大神氏の始祖は「大神惟基/オオガコレモト」と云われていますが、彼の出生について、江藤本家所蔵の「大神姓系図」(以下江藤系図という)を始め、
ほとんどの大神氏諸系図には、父を祖母嶽大明神(大蛇)としています。祖母山を祖母嶽大明神と云う神様とし、その化身が大蛇というわけです。

この伝説は「平家物語」や「源平盛衰記」にも記載されています。それぞれの内容に異同がありますので、ここでは江藤系図に記載されている内容を
ご紹介します。

 人王50代桓武天皇の時に、堀川の太政大臣基経公が、罪により大野郡緒方荘 日小田名(ヒノダミョウ)宇田萩原意勝水という所に流罪となりました。

基経公には「華ノ本/ハナノモト」という名の一人の女(ムスメ/以下同じ)がありましたが、いつの頃から日、この華ノ本のもとに、毎晩若者が忍び来る
ようになりました。その有様は立烏帽子に水色の狩衣(カリギヌ)を着た美男子だったそうです。
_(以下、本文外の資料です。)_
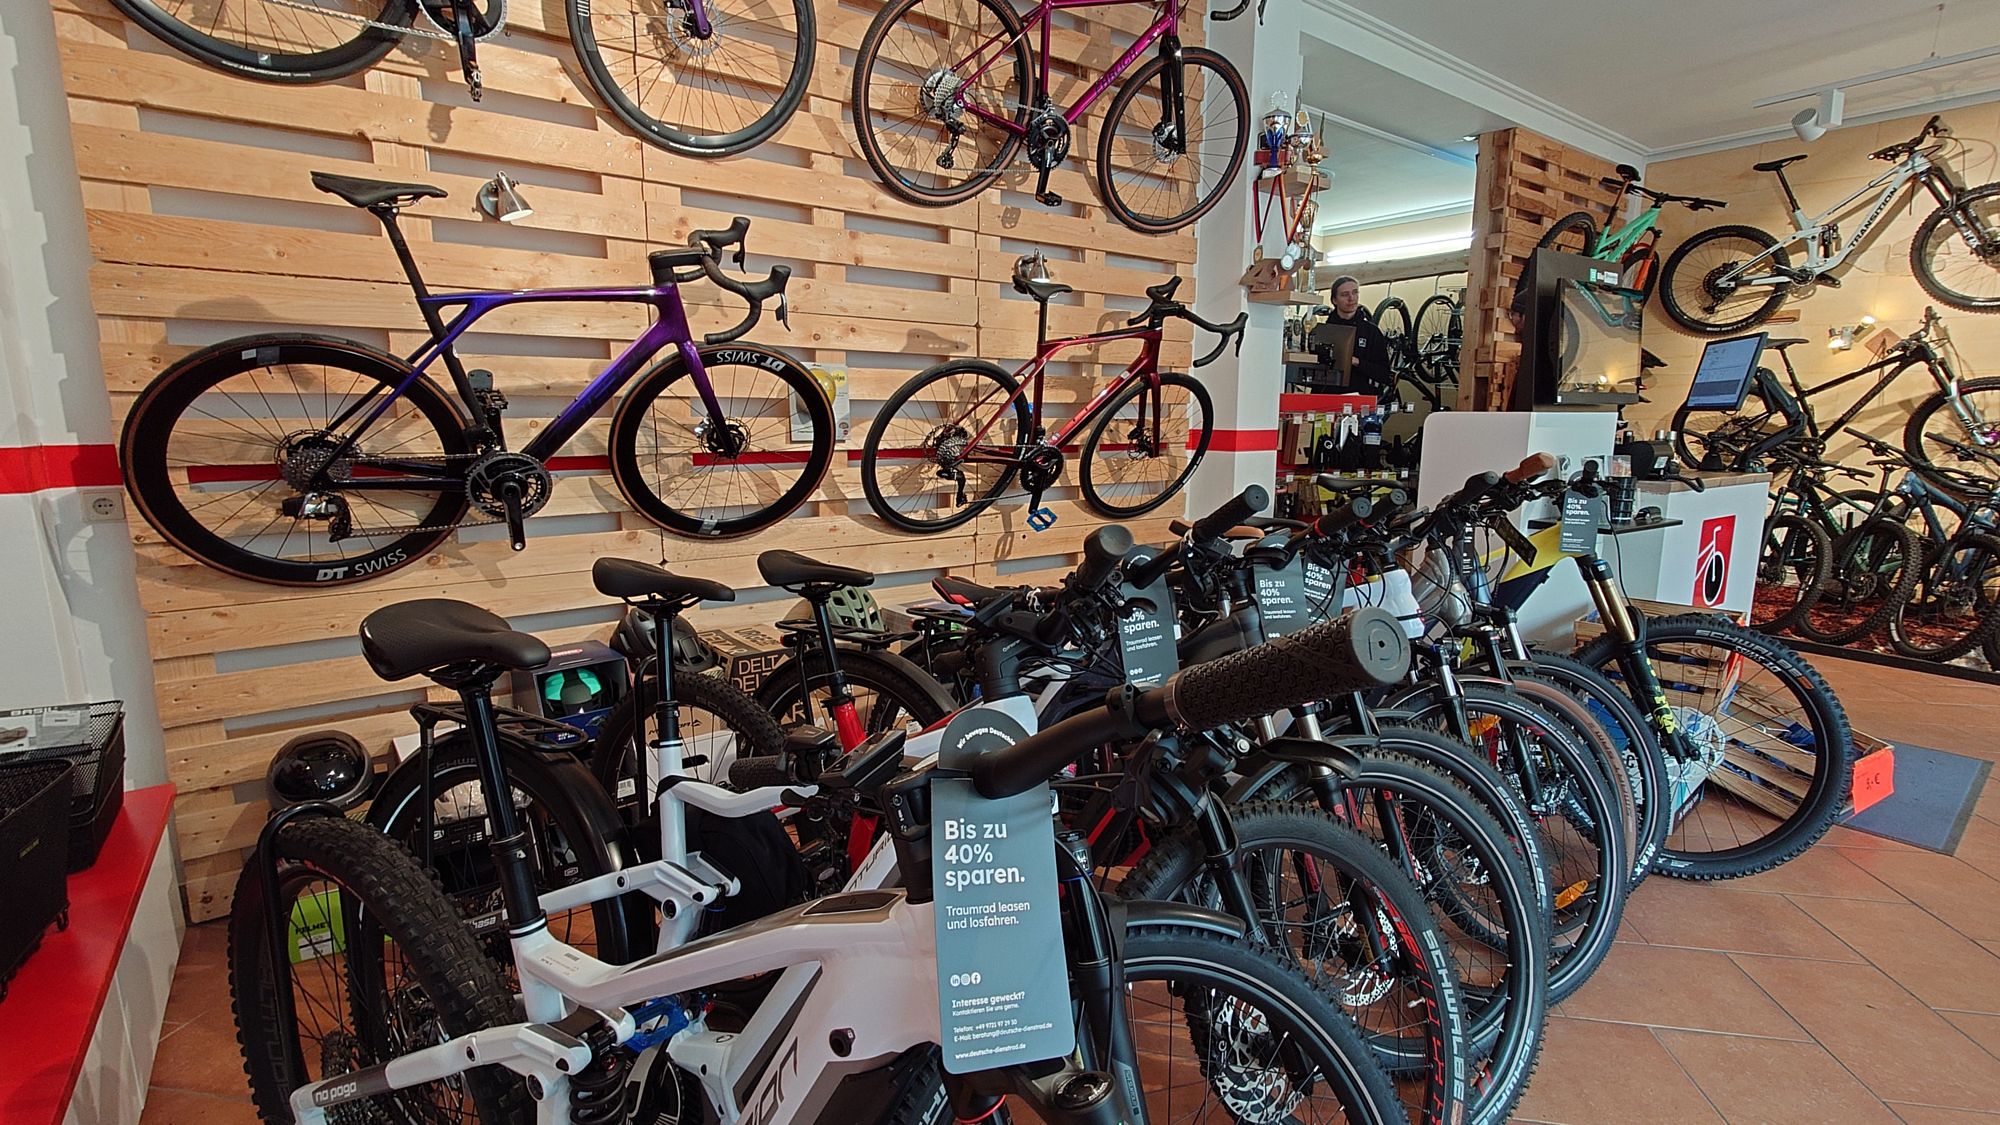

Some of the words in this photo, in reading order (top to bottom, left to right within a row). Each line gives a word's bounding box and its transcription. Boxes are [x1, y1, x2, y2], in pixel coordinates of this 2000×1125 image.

やがてこのことは父母の知るところとなり、母が女に尋ねましたところ、「誰かは知りません。私はすでに妊娠し、早5ヶ月になります。夫の来るのは
毎夜ですが、どこに帰るかは知りません」

 そこで母は女に教えました。
苧環(オダマキ/紡いだ糸を、内をカラにして丸く巻いたもの)と針を与えて、「夫の帰る時、狩衣の襟に針を刺し糸の行く先を尋ねて行きなさい」

女は母の教えのとおりに苧環の端に針つけ、それを狩衣の襟に刺しました。そして糸を辿っていくと糸は祖母嶽の麓、直入郡入田郷神原の大窟の内に
入っていました。岩屋の中から痛吟する声(うめき声)が聞こえています。

岩屋の口から女が
「中にいるのは誰ですか、なぜうめいているのですか。」
と聞くと、穴の中から

「私こそ貴女のもとに通っていた者です。今日の暁に頤(オトガイ/下顎)の下に針を刺されて、大傷でうめいているのです。私の本当の姿は大蛇です。
貴女のもとに通っていたときの姿ならこの穴からでてお会いもできますが、今では変化することもできません。本当の姿は恐ろしいので、名残惜しいが
お会いできません。ここまで訪ねてきたことは忘れません。」

 といえば、女は、
「たとえどのような姿でも、今までのお情は忘れません。どうぞ穴から出て下さい。最後の有様を見ましょう。」と応えました。

 大蛇は穴の中から這い出てきました。

長さはどのくらいかわかりませんが、臥したる形(臥長)は五尺ばかりとみえ、目は銅の鈴のごとく、口は紅を含んだごとく、頭には角があり耳はたれ、
赤髭が生えてまるで獅子頭のようです。

 二人の侍女は恐怖のあまり急死してしまいました。

大蛇は形に似ず涙を浮かべて、頭ばかりを穴から差し出しました。

女は衣を脱いで大蛇の頭にかけ、自ら頤(オトガイ)の針を抜きましたところ、大蛇はたいそう喜びました。そして「貴女のおなかの子供は男子です。
恐ろしい者の種だからといって捨てないで下さい。姓は大神、名は太夫、諱(イミナ)は惟基とつけて下さい。
子孫の末までお守りしましょう」といって、穴の中から太刀一腰を差し出して女に授けました。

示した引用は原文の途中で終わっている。